First, as Zinoman notes, Robert Harley, Ph.D., is a “boring man” in “a contented but dull marriage,” who can put his wife “to sleep by talking about himself.” Not-doing can make life seem banal, bland, As might be expected, traditional Chinese thought presents the bland (dàn 淡) as an important criterion, aesthetic and otherwise in living. (See François Juillen’s study In Praise of Blandness.) This theme, however, is not a reach into exotic thinking. Living and dying go on everyday. If nothing else, the banal is the everyday. One of Laura’s favorite phrases from her study of 19th Century Spanish novels, was la run-run de la vida (the humdrum of living), which she contrasted with the operatic melodrama of their stories. Laura’s illness and dying were not melodramas. In many ways, despite their ups and downs, each of these days blandly proceeded to the next. When he was first diagnosed with cancer, the Jewish Biblical scholar James Kugel became aware of another aspect of this side of living, which he called the “stark” in his book In the Valley of the Shadow. We will explore the everyday—the banal, the bland, and the stark—in this blog.

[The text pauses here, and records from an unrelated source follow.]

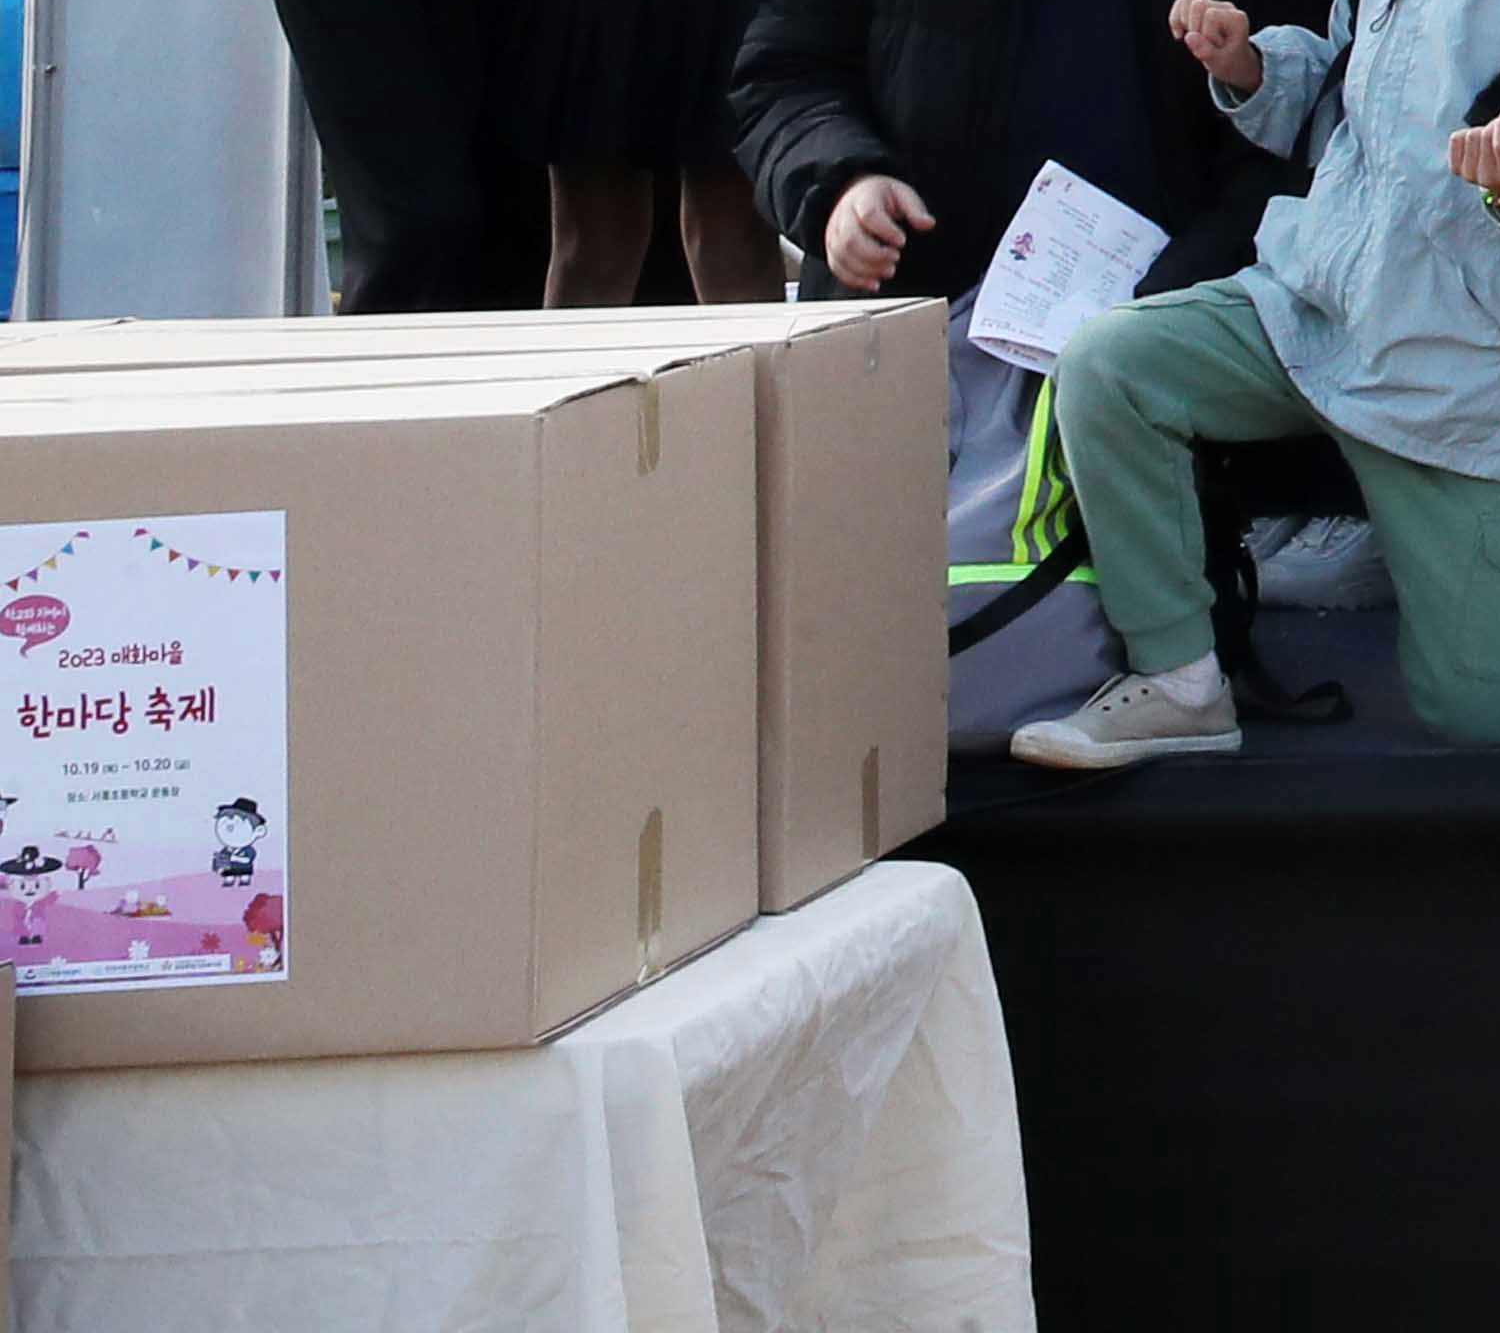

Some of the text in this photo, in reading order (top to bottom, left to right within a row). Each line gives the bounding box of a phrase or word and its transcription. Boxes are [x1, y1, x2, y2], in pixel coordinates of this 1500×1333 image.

[58, 640, 183, 668] 2023 매화마을
[18, 685, 216, 739] 한마당 축제
[62, 762, 99, 776] 10.19
[133, 758, 172, 772] 10.20
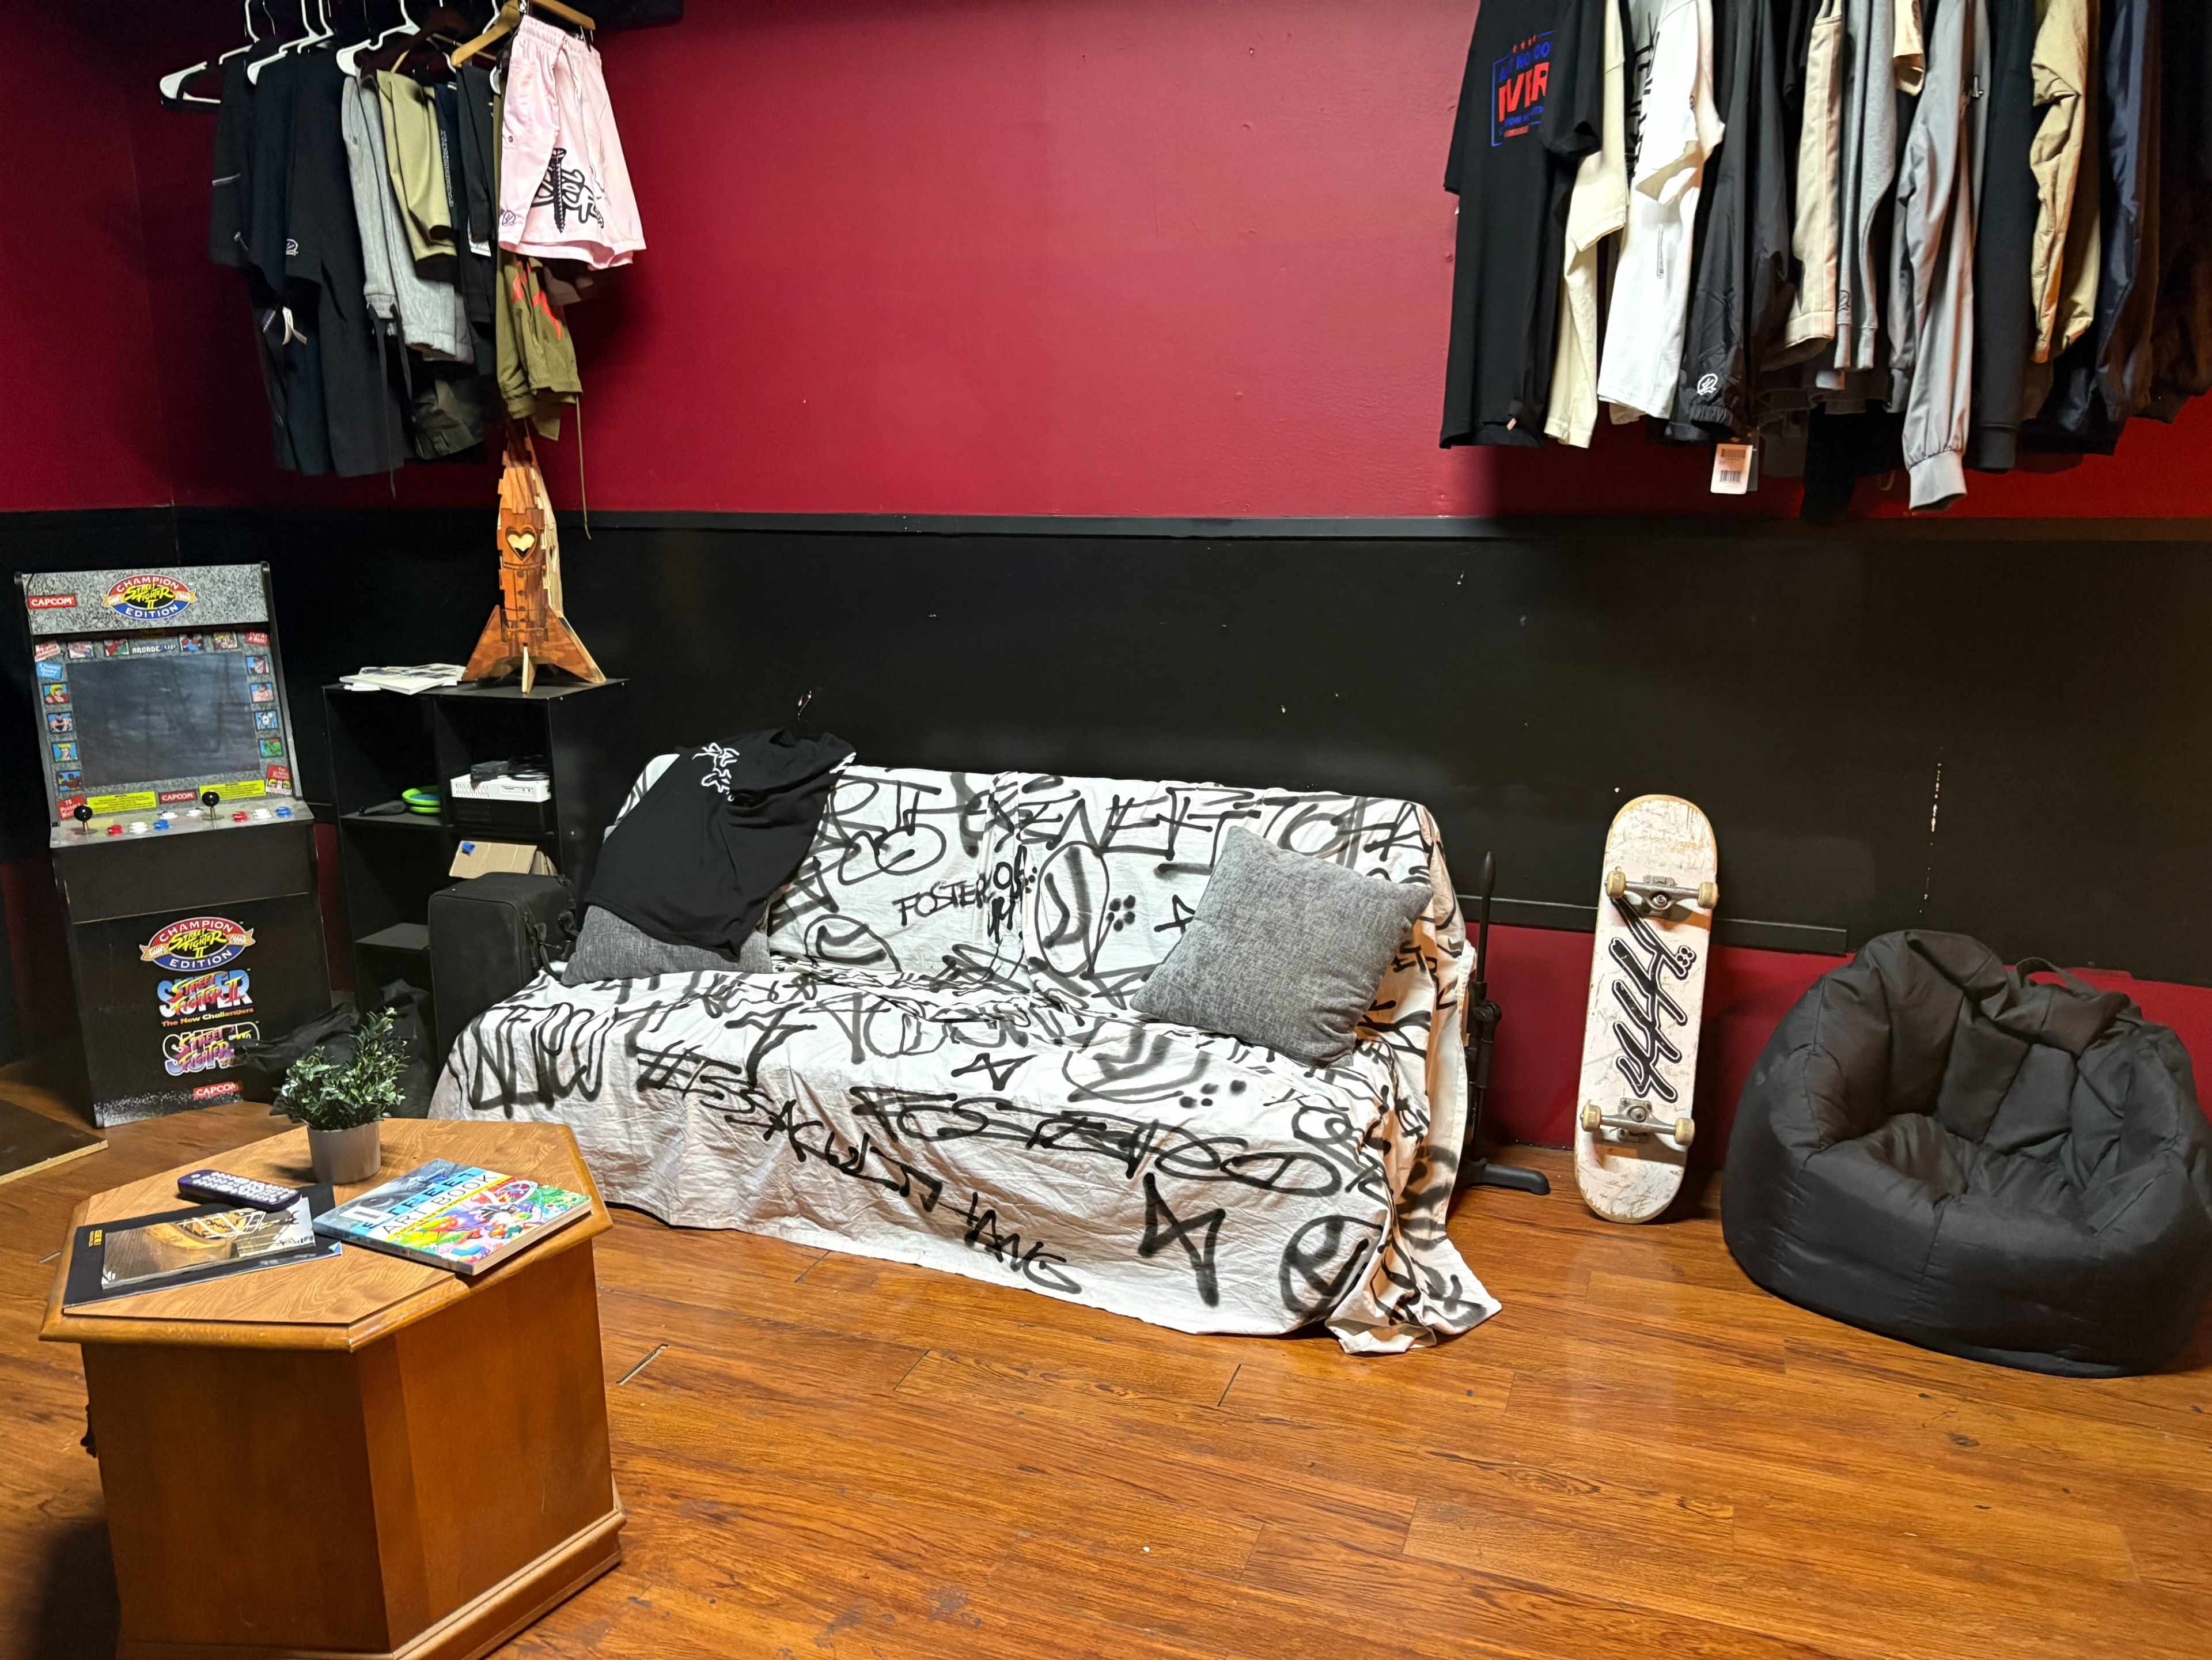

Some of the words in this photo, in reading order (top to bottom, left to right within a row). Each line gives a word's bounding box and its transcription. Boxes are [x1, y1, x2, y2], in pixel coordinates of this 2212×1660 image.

[116, 577, 179, 592] CHAMPION
[31, 597, 72, 606] CAPCOM
[125, 604, 179, 618] EDITION
[162, 792, 193, 801] CAPCOM
[159, 920, 233, 942] CHAMPION
[179, 930, 228, 951] FIGHTER
[169, 950, 232, 969] EDITION
[171, 985, 226, 1015] FIGHTER
[162, 1019, 179, 1027] The
[180, 1016, 200, 1024] New
[202, 1008, 254, 1020] Challengers
[179, 1039, 232, 1072] FIGHTER
[196, 1083, 238, 1096] CAPCOM
[382, 1207, 427, 1234] ART
[431, 1175, 498, 1205] BOOK

Secondly, Robert Harley, psychologist, is a man “clearly in pain,” someone unable “to experience pleasure,” and unable to talk about it. “Most of the plots revolve around a mild humiliation that he suffers with a stone face.” When I read this, I realized that for all that I’ve thought about and written about pain since Laura died, it has never occurred to me to look at the connection between pain and humor, to ask why Robert Hartley’s pain makes me laugh, why the slapstick humor of Laurel and Hardy leaves me in stitches, no matter how many times I’ve seen that plank whack Oliver Hardy in the face. All that I’ve written so far in this blog about imagining and pain will remain incomplete without addressing the humor of imagining someone else’s pain. Against the high-minded and holier-than-thou, I’ve already said that I plan to celebrate the happy fault that we have bodies. Yet the pleasure I found in my body was being able to cry. What about laughter? Perhaps even more than crying, with laughing we engage our bodies in some of the highest intellectual activities of which we are capable, which may not even be very emotional … until the moment when we “get it.” Then, the only thing we can do is laugh. Like wú wéi if someone has to explain the joke, it doesn’t work.
Thirdly, Zinoman notes that Bob Hartley cannot “give voice to his problems.” One important clarification of not-doing to be developed will be to distinguish between Bob Newhart’s art and this character he creates with his art. Not-doing is not the typical male lack of awareness of himself and others, not the usual inability to express how he feels. In fact, we will see that wú wéi both requires and develops shén (神), being aware, attending, paying attention. The same taiji teacher who put me through two years of the pushing exercise used a Chinese phrase to describe what our bodies were learning. This phrase summarizes the phases of action—awareness-intention-energy-act (shén yì qì jìn 神 意 氣 勁). To learn not-doing one must stop focusing on intention and first become more aware. I’m getting ahead of myself here. These ideas will be explored more under the last two sections of this blog—Driving under the Influence of Dunkin’ Donuts and Open-Close-Open. But I will be using this phrase to organize the closing posts about pain under the Three Kiss-Offs.